# [Problem details]
Every line below needs to be printed again exactly, without any of its pictures.

# [Extracted data entries]
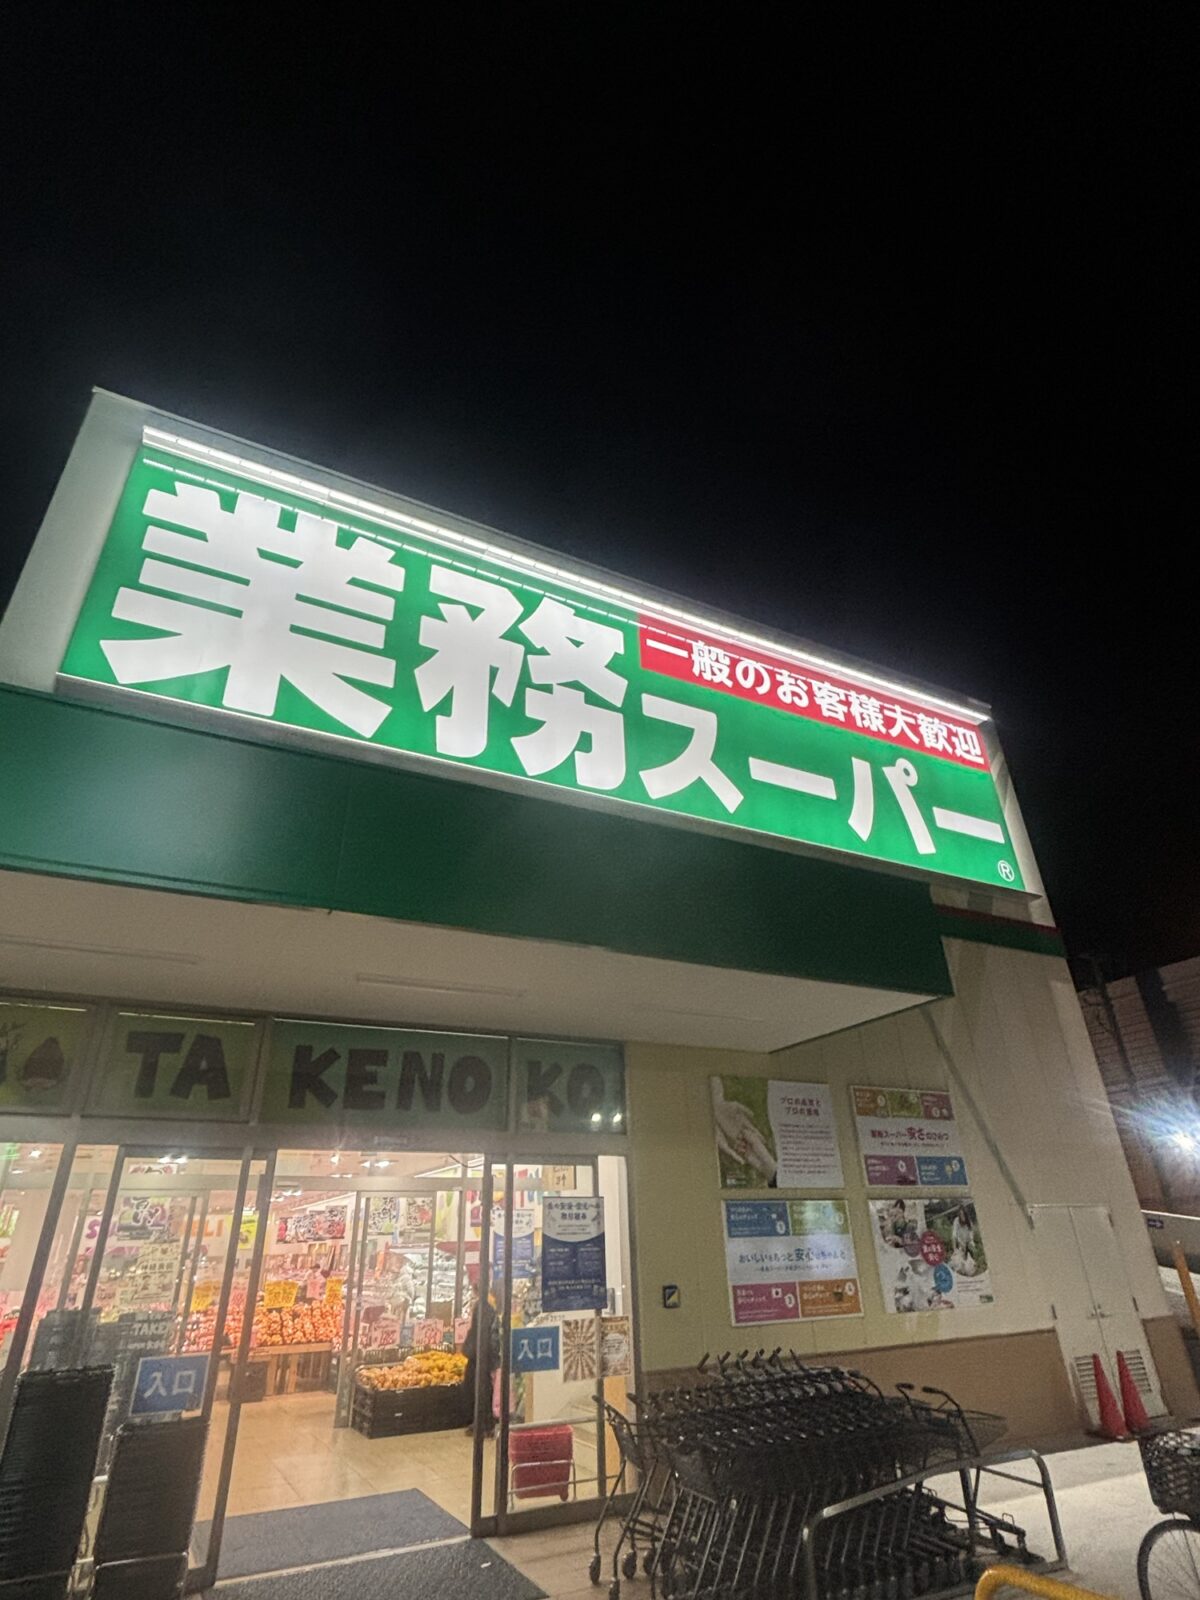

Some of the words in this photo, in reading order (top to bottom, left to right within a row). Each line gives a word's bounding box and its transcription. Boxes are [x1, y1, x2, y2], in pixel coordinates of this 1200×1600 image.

[100, 482, 1004, 854] 業務スーパー
[646, 638, 985, 764] 一般のお客様大歓迎
[143, 1371, 196, 1399] 入口
[517, 1338, 553, 1360] 入口
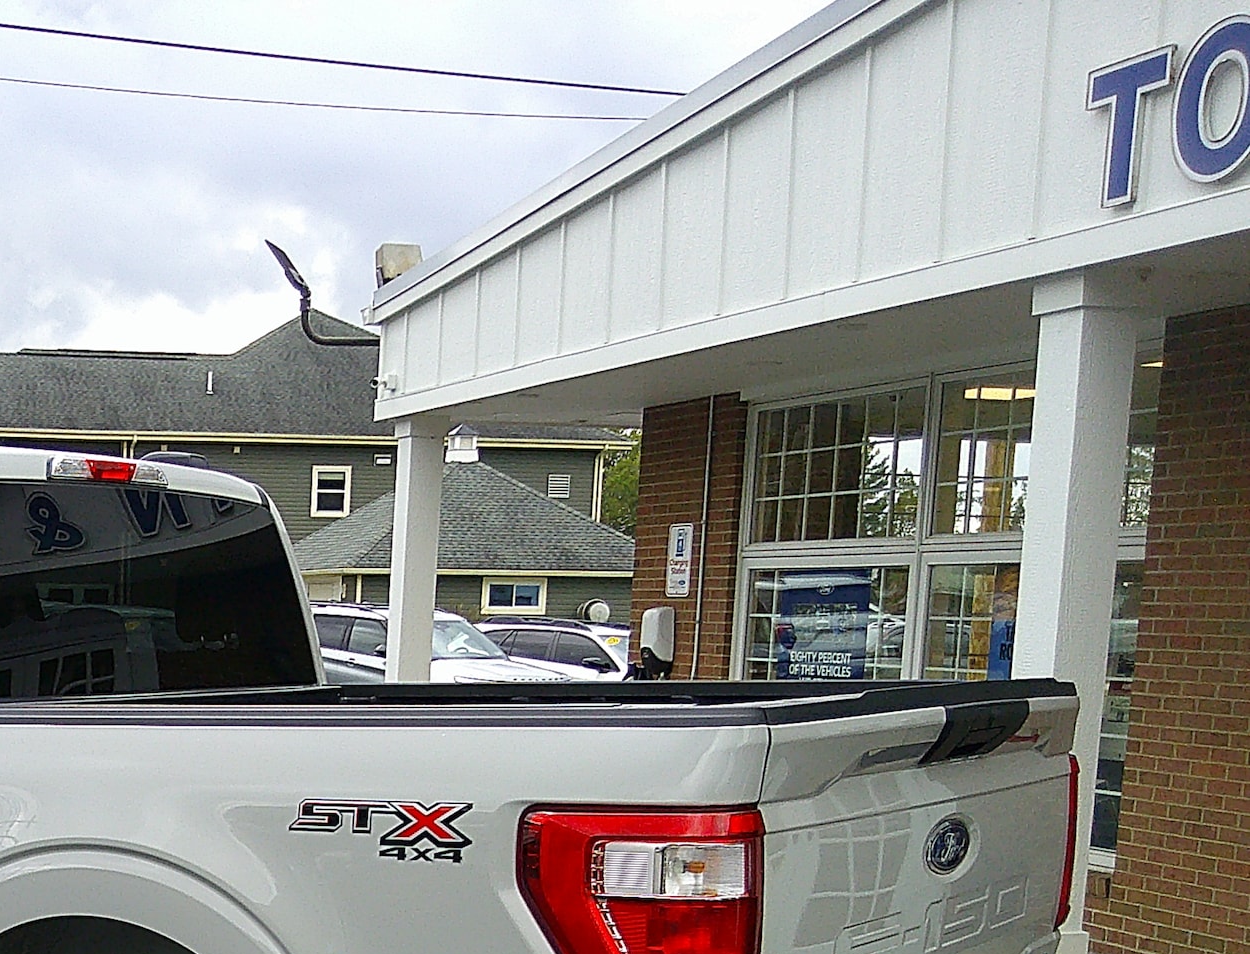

# [Response box]
Some of the words in this photo, in reading order (top to bottom, left to right within a row). Each line gives a word's bounding box and its transcription. Boxes are [x1, y1, x2, y2], in pixel coordinates of this 1200×1600 image.

[100, 482, 1004, 854] 業務スーパー
[646, 638, 985, 764] 一般のお客様大歓迎
[143, 1371, 196, 1399] 入口
[517, 1338, 553, 1360] 入口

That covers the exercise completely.